▶ ACTIVITY:
Would you print the whole listing again, exactly?

· · · · ·

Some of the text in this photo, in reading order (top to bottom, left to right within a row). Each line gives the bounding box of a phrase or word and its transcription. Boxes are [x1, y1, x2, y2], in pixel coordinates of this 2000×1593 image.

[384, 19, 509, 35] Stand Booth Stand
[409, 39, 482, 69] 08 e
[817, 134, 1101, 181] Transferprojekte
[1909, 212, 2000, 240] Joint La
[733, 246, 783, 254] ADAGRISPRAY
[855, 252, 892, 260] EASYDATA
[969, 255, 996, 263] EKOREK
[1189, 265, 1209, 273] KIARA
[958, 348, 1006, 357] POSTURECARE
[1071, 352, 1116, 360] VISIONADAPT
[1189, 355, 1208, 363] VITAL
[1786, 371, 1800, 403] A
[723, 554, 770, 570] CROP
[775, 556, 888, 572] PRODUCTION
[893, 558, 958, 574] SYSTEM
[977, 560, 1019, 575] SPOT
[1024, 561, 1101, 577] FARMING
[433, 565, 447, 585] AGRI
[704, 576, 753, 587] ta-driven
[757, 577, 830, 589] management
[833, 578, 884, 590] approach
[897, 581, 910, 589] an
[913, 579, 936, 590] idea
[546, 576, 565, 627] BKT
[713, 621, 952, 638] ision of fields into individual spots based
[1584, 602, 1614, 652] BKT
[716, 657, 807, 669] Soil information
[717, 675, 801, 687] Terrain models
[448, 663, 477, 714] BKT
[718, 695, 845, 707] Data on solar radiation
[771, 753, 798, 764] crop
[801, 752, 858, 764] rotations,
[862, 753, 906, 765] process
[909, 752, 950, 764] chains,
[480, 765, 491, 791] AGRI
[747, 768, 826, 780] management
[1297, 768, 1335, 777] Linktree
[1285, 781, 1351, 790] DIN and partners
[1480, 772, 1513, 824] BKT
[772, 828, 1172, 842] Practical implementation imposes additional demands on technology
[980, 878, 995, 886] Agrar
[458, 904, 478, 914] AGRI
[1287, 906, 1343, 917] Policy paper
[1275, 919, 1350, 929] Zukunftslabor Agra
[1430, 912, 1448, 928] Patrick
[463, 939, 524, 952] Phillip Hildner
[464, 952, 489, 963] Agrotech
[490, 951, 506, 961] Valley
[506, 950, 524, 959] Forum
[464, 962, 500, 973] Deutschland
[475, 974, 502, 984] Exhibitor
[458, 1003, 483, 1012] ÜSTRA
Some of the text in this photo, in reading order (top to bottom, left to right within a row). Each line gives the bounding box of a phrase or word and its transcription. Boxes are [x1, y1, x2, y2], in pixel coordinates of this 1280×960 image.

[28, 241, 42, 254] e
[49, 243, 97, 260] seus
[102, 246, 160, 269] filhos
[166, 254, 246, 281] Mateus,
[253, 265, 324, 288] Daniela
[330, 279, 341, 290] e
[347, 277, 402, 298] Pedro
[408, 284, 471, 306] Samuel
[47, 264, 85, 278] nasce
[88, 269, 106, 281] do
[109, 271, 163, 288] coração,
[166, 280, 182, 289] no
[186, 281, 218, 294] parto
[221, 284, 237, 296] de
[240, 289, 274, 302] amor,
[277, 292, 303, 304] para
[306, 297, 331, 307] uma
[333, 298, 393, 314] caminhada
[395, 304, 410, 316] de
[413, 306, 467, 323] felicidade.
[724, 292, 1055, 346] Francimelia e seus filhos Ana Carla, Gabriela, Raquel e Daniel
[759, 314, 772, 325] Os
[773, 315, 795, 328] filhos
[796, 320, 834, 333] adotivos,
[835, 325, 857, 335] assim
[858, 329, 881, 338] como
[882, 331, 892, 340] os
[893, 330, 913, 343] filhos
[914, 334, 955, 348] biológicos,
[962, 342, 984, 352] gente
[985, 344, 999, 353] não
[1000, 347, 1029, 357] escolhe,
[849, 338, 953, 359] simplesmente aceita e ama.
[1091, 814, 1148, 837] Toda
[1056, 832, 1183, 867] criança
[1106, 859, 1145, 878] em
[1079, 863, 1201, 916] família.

· · · · ·

▶ WRITTEN ANSWER:
Some of the text in this photo, in reading order (top to bottom, left to right within a row). Each line gives the bounding box of a phrase or word and its transcription. Boxes are [x1, y1, x2, y2], in pixel coordinates of this 2000×1593 image.

[384, 19, 509, 35] Stand Booth Stand
[409, 39, 482, 69] 08 e
[817, 134, 1101, 181] Transferprojekte
[1909, 212, 2000, 240] Joint La
[733, 246, 783, 254] ADAGRISPRAY
[855, 252, 892, 260] EASYDATA
[969, 255, 996, 263] EKOREK
[1189, 265, 1209, 273] KIARA
[958, 348, 1006, 357] POSTURECARE
[1071, 352, 1116, 360] VISIONADAPT
[1189, 355, 1208, 363] VITAL
[1786, 371, 1800, 403] A
[723, 554, 770, 570] CROP
[775, 556, 888, 572] PRODUCTION
[893, 558, 958, 574] SYSTEM
[977, 560, 1019, 575] SPOT
[1024, 561, 1101, 577] FARMING
[433, 565, 447, 585] AGRI
[704, 576, 753, 587] ta-driven
[757, 577, 830, 589] management
[833, 578, 884, 590] approach
[897, 581, 910, 589] an
[913, 579, 936, 590] idea
[546, 576, 565, 627] BKT
[713, 621, 952, 638] ision of fields into individual spots based
[1584, 602, 1614, 652] BKT
[716, 657, 807, 669] Soil information
[717, 675, 801, 687] Terrain models
[448, 663, 477, 714] BKT
[718, 695, 845, 707] Data on solar radiation
[771, 753, 798, 764] crop
[801, 752, 858, 764] rotations,
[862, 753, 906, 765] process
[909, 752, 950, 764] chains,
[480, 765, 491, 791] AGRI
[747, 768, 826, 780] management
[1297, 768, 1335, 777] Linktree
[1285, 781, 1351, 790] DIN and partners
[1480, 772, 1513, 824] BKT
[772, 828, 1172, 842] Practical implementation imposes additional demands on technology
[980, 878, 995, 886] Agrar
[458, 904, 478, 914] AGRI
[1287, 906, 1343, 917] Policy paper
[1275, 919, 1350, 929] Zukunftslabor Agra
[1430, 912, 1448, 928] Patrick
[463, 939, 524, 952] Phillip Hildner
[464, 952, 489, 963] Agrotech
[490, 951, 506, 961] Valley
[506, 950, 524, 959] Forum
[464, 962, 500, 973] Deutschland
[475, 974, 502, 984] Exhibitor
[458, 1003, 483, 1012] ÜSTRA
Some of the text in this photo, in reading order (top to bottom, left to right within a row). Each line gives the bounding box of a phrase or word and its transcription. Boxes are [x1, y1, x2, y2], in pixel coordinates of this 1280×960 image.

[28, 241, 42, 254] e
[49, 243, 97, 260] seus
[102, 246, 160, 269] filhos
[166, 254, 246, 281] Mateus,
[253, 265, 324, 288] Daniela
[330, 279, 341, 290] e
[347, 277, 402, 298] Pedro
[408, 284, 471, 306] Samuel
[47, 264, 85, 278] nasce
[88, 269, 106, 281] do
[109, 271, 163, 288] coração,
[166, 280, 182, 289] no
[186, 281, 218, 294] parto
[221, 284, 237, 296] de
[240, 289, 274, 302] amor,
[277, 292, 303, 304] para
[306, 297, 331, 307] uma
[333, 298, 393, 314] caminhada
[395, 304, 410, 316] de
[413, 306, 467, 323] felicidade.
[724, 292, 1055, 346] Francimelia e seus filhos Ana Carla, Gabriela, Raquel e Daniel
[759, 314, 772, 325] Os
[773, 315, 795, 328] filhos
[796, 320, 834, 333] adotivos,
[835, 325, 857, 335] assim
[858, 329, 881, 338] como
[882, 331, 892, 340] os
[893, 330, 913, 343] filhos
[914, 334, 955, 348] biológicos,
[962, 342, 984, 352] gente
[985, 344, 999, 353] não
[1000, 347, 1029, 357] escolhe,
[849, 338, 953, 359] simplesmente aceita e ama.
[1091, 814, 1148, 837] Toda
[1056, 832, 1183, 867] criança
[1106, 859, 1145, 878] em
[1079, 863, 1201, 916] família.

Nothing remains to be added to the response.